● Aim of the exercise
Repeat the listing in full, preserving every character.
*** Records for the exercise ***
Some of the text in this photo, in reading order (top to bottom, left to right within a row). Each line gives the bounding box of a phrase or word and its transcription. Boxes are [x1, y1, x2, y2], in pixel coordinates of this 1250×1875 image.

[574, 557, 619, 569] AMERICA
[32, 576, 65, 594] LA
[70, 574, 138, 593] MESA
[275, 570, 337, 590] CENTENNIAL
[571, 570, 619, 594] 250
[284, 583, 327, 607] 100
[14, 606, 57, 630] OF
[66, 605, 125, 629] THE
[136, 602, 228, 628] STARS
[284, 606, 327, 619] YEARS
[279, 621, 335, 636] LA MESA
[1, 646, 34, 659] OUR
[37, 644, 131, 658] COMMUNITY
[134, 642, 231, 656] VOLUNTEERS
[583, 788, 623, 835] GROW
*** End of Records for the exercise ***
● Response to this task
Some of the text in this photo, in reading order (top to bottom, left to right within a row). Each line gives the bounding box of a phrase or word and its transcription. Boxes are [x1, y1, x2, y2], in pixel coordinates of this 1250×1875 image.

[574, 557, 619, 569] AMERICA
[32, 576, 65, 594] LA
[70, 574, 138, 593] MESA
[275, 570, 337, 590] CENTENNIAL
[571, 570, 619, 594] 250
[284, 583, 327, 607] 100
[14, 606, 57, 630] OF
[66, 605, 125, 629] THE
[136, 602, 228, 628] STARS
[284, 606, 327, 619] YEARS
[279, 621, 335, 636] LA MESA
[1, 646, 34, 659] OUR
[37, 644, 131, 658] COMMUNITY
[134, 642, 231, 656] VOLUNTEERS
[583, 788, 623, 835] GROW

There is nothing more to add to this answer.